DIRECTIONS
Below is a listing to transcribe in full and exactly; keep the pictures out.

SOURCE INFORMATION
....

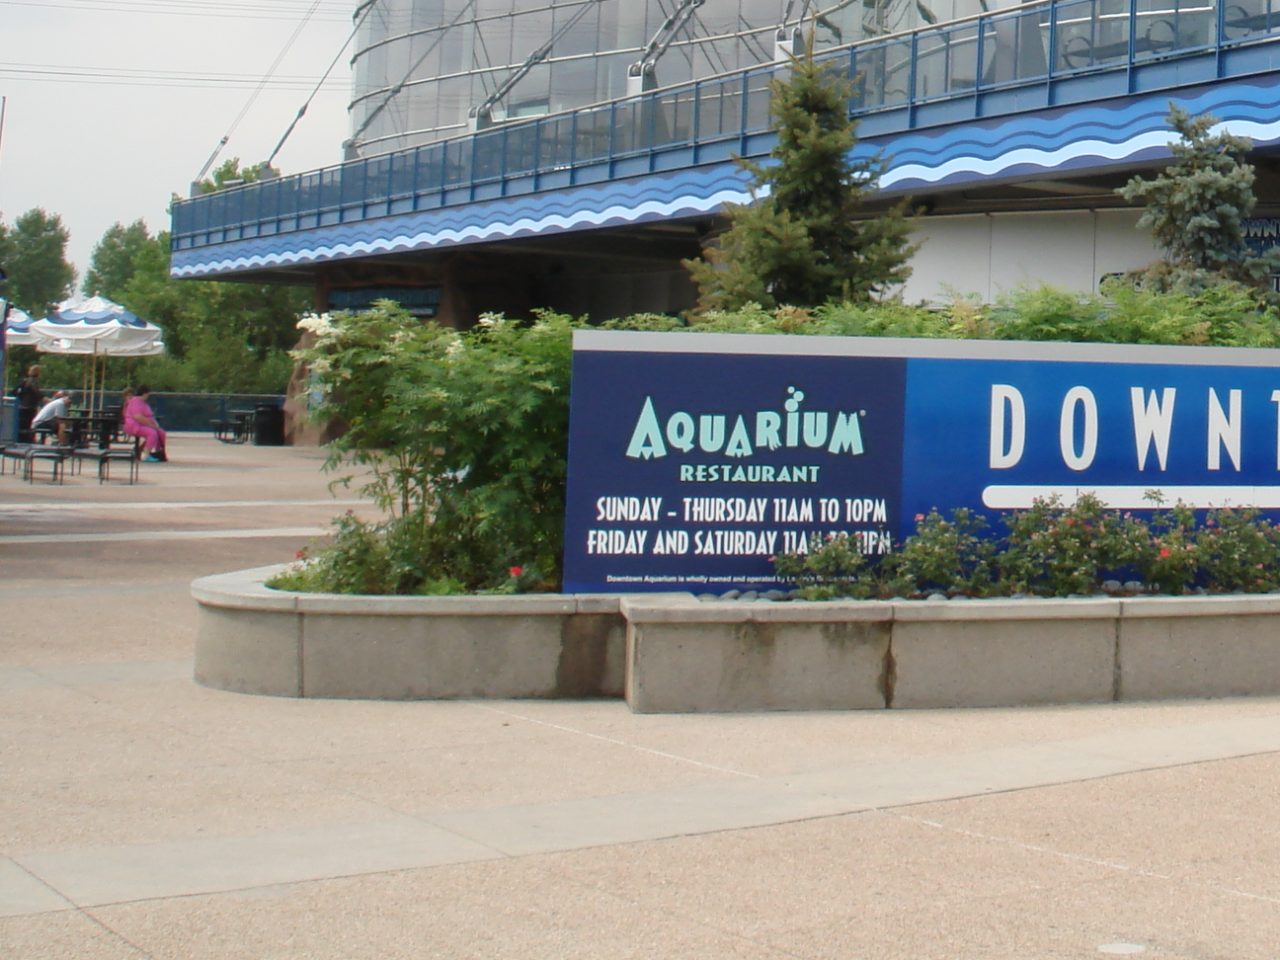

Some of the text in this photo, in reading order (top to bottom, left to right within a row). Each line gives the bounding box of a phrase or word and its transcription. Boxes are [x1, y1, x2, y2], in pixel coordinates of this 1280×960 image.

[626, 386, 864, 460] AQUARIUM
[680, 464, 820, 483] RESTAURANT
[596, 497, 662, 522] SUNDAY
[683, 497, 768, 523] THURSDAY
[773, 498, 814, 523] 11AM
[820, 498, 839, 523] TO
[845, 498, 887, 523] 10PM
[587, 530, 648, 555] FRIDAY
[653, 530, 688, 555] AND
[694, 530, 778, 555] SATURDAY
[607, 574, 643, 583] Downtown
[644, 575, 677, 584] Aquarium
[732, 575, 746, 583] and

....

ANSWER TO THIS EXERCISE
Some of the text in this photo, in reading order (top to bottom, left to right within a row). Each line gives the bounding box of a phrase or word and its transcription. Boxes are [x1, y1, x2, y2], in pixel coordinates of this 1280×960 image.

[626, 386, 864, 460] AQUARIUM
[680, 464, 820, 483] RESTAURANT
[596, 497, 662, 522] SUNDAY
[683, 497, 768, 523] THURSDAY
[773, 498, 814, 523] 11AM
[820, 498, 839, 523] TO
[845, 498, 887, 523] 10PM
[587, 530, 648, 555] FRIDAY
[653, 530, 688, 555] AND
[694, 530, 778, 555] SATURDAY
[607, 574, 643, 583] Downtown
[644, 575, 677, 584] Aquarium
[732, 575, 746, 583] and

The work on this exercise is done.